Submitted to: ASAE Annual International Meeting
Publication Type: Proceedings
Publication Acceptance Date: 6/27/2003
Publication Date: 7/27/2003
Citation: Park, B., Lawrence, K.C., Windham, W.R., Smith, D.P., Feldner, P.W. 2003. Machine vision for detecting internal fecal comtaminants of broiler carcasses. American Society of Aricultural Engineers Annual International Meeting. St. Joseph, MI. Technical Paper No.033051. Interpretive Summary: An imaging system can be effectively used for detecting internal fecal contaminants of a broiler carcass and demonstrates potential application for poultry safety inspection. Previously, hyperspectral imaging techniques have been applied to detect fecal contaminants on the surface of poultry carcasses. In order to successfully implement an imaging system for poultry fecal inspection, internal fecal contaminants must also be detected. However, vision techniques for detecting fecal contaminants in the visceral cavity of broiler carcasses are challenging. We employed the state-of-the-art hyperspectral imaging system to detect fecal contaminants in the visceral cavity of carcass halves. The preliminary study showed that the image processing methods, specifically image band ratio of selected wavelength images and threshold, which separates fecal spots from the surface, performed well to identify fecal contaminants in the visceral cavity of broiler carcasses. The selected image processing methods from the hyperspectral images can be further applied for real-time detection of fecal contaminants in the visceral cavity of broiler carcasses.
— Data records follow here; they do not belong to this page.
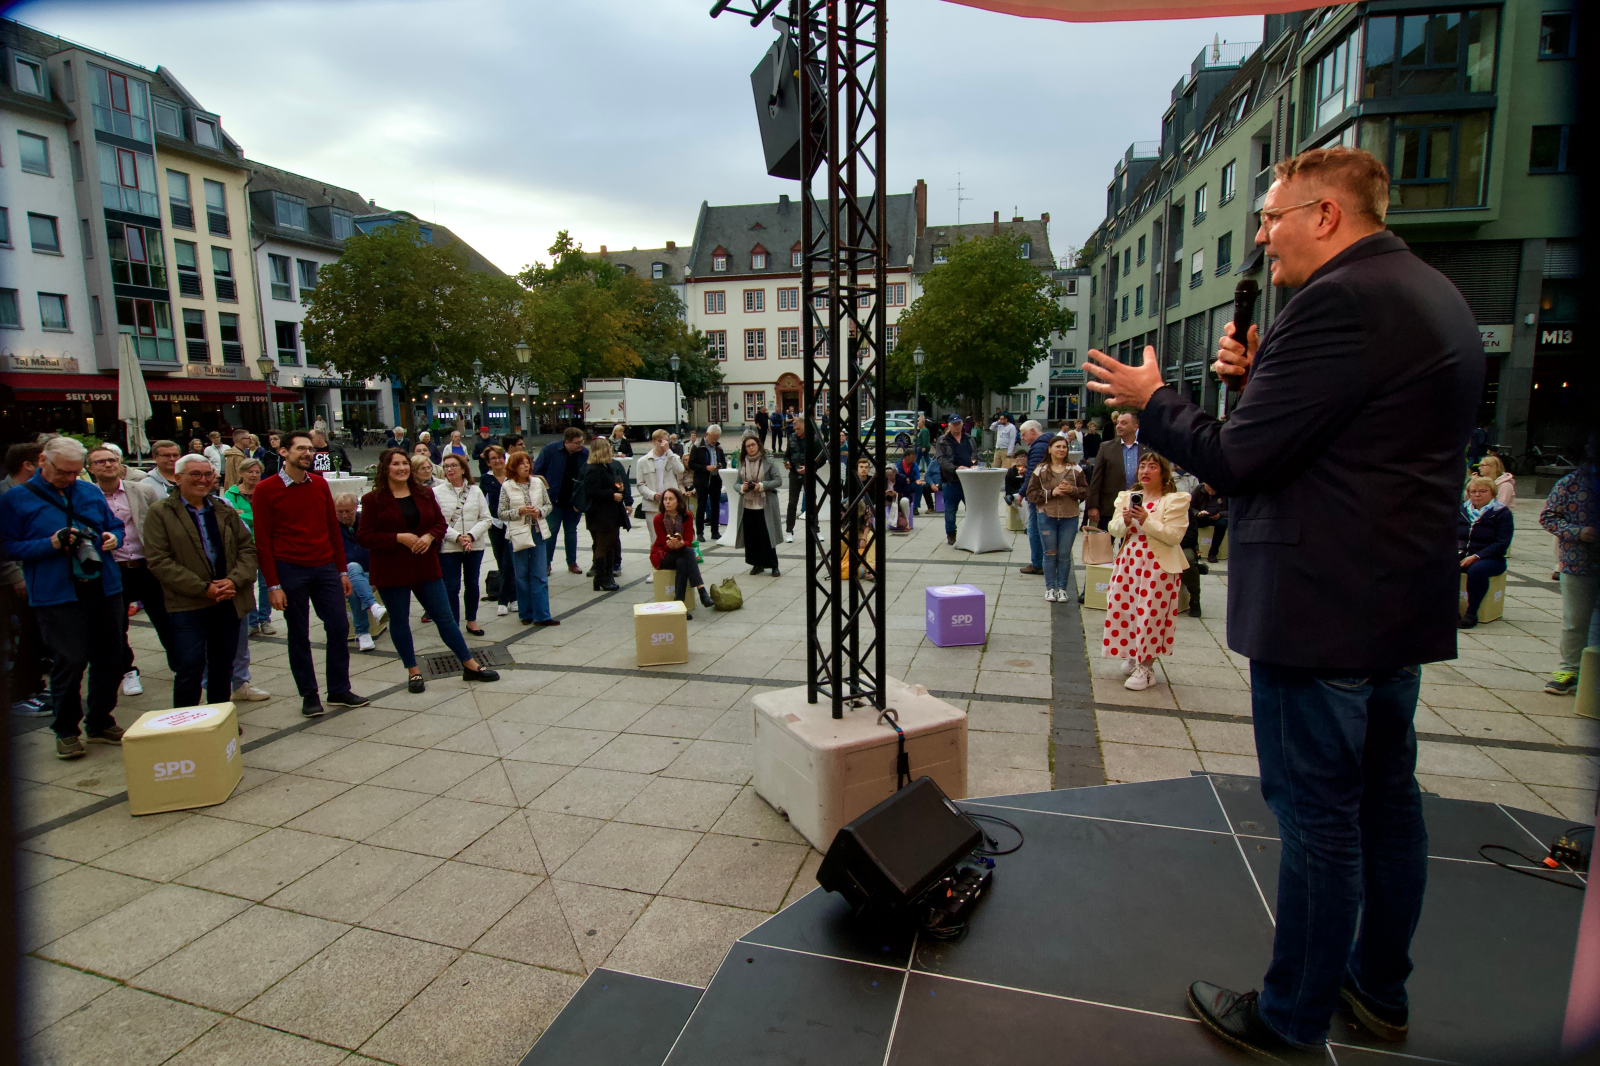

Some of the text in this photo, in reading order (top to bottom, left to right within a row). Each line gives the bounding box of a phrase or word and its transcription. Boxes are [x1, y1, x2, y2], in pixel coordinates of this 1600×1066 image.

[1480, 331, 1495, 339] TZ
[1541, 330, 1573, 344] M13
[14, 357, 60, 367] Taj Mahal
[65, 393, 112, 401] SEIT 1991
[170, 394, 200, 402] MAHAL
[1201, 537, 1213, 545] SP
[665, 585, 676, 594] SP
[1095, 582, 1108, 591] SP
[951, 614, 973, 625] SPD
[650, 632, 675, 643] SPD
[153, 759, 196, 778] SPD
Technical Abstract: Detecting fecal contaminant in the visceral cavity of the broiler is difficult but extremely important for poultry safety inspection. A hyperspectral imaging system could be used effectively for detecting internal cecal contaminants. A hyperspectral imaging system was used to image broiler carcass halves with cecal contaminants. Two 565 and 517-nm wavelength images were selected from 512 calibrated hypercube image data. Image processing algorithms, band ratio, threshold, and median filtering, were useful to identify fecal contaminants from the internal cavity. The accuracy of detection algorithms to identify cecal contaminants was varied with fecal threshold values and median filter as well. The imaging system easily identified cecal contaminants with 92.5% detection accuracy but also incorrectly identified 123 carcass features that were not considered as contaminants (false positives) and missed 15 actual contaminants (7.6% Type I error) when fecal threshold value of 1.05 was employed. The higher accuracy (96.9%) and lower missed contaminants (3.0% Type I error) could be obtained when different fecal threshold values were used. However, in this case, false positives drastically increased.